Assessment of similarities of pairs and groups of proteins using transformed amino-acid-residue data

Abstract

Using as a primary standard a representative set of 208 proteins whose amino-acid-residue mole frequencies have been accurately established, a set of standard distributions of mole frequencies is defined for each amino acids, in terms of which percentile values for the observed mole frequencies of the amino-acid residues in any other protein can be determined. Data so transformed have a distribution much closer to Gaussian than untransformed values, and allow meaningful determinations of correlations between the amino-acid-residue compositions of two proteins as well as between pairs of amino-acid-residues within groups of proteins. Of the 153 possible pairs of amino acids (Asx and Glx are used) 39 are significantly correlated at p less than or equal to 0.01 and 22 at p less than or equal to 0.001. A percentile table is included for those wishing to use the method with programmable calculators.

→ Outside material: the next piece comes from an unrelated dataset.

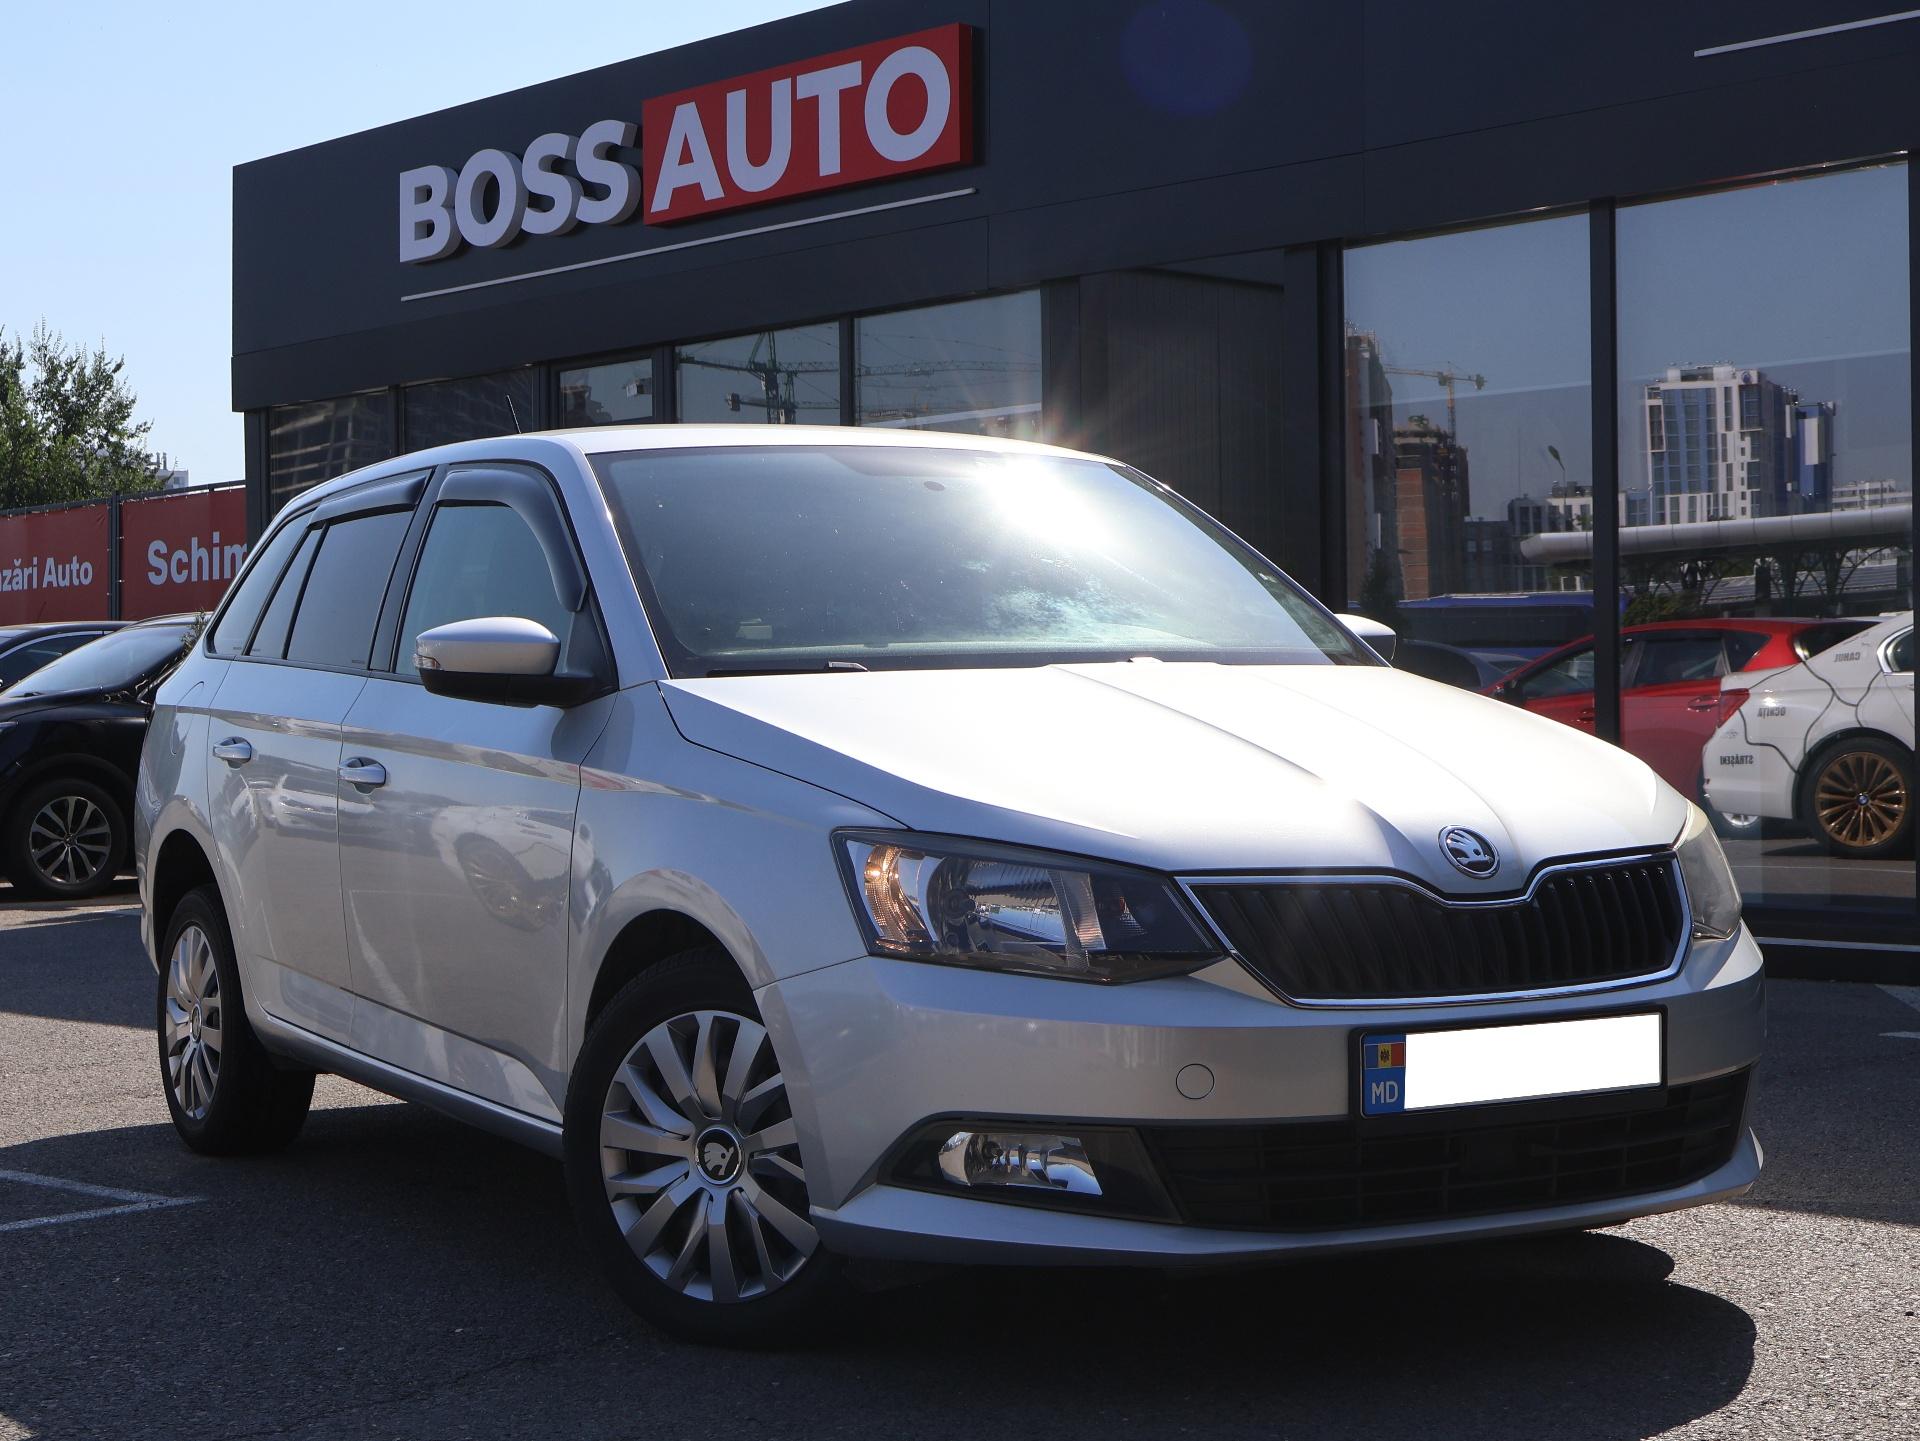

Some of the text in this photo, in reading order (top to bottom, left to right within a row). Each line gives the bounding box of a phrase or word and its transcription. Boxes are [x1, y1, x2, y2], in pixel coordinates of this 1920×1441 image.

[399, 45, 951, 264] BOSS AUTO
[0, 554, 93, 592] zări Auto
[1371, 1080, 1399, 1105] MD

The transformed data for amino-acid compositions have been used to perform principal components analyses on groups of proteins in order to determine if meaningful sub-groupings (observable clusters in scatter diagrams) were detectable. Such analyses are shown for the representative set of proteins and for a group of 184 globins. With regard to the globin chains, a correlation is observed for alpha chains in the first principal component projection (PCP), (accounting for 22% of the variance) with respect to the evolutionary time-scale while beta chains show such a correlation in the first and second PCPs (22% and 18% of the variance respectively). Thus, alpha and beta chains appear to diverge from a common progenitor, similar in position to globin chains from "primitive" forms. Furthermore, globins from "primitive" forms are nearer to one another than they are to globins from the vertebrates, a finding without a priori reason, suggesting perhaps that once a chain has reached a stable relationship with its environment, strong constrains are placed on the co-existing globin chains so that they maintain appropriate interaction with one another. In addition, positions of the epsilon, gamma and delta chains are in the order: epsilon (embryonal) more primitive than gamma (foetal) more primitive than delta equal to beta (adult).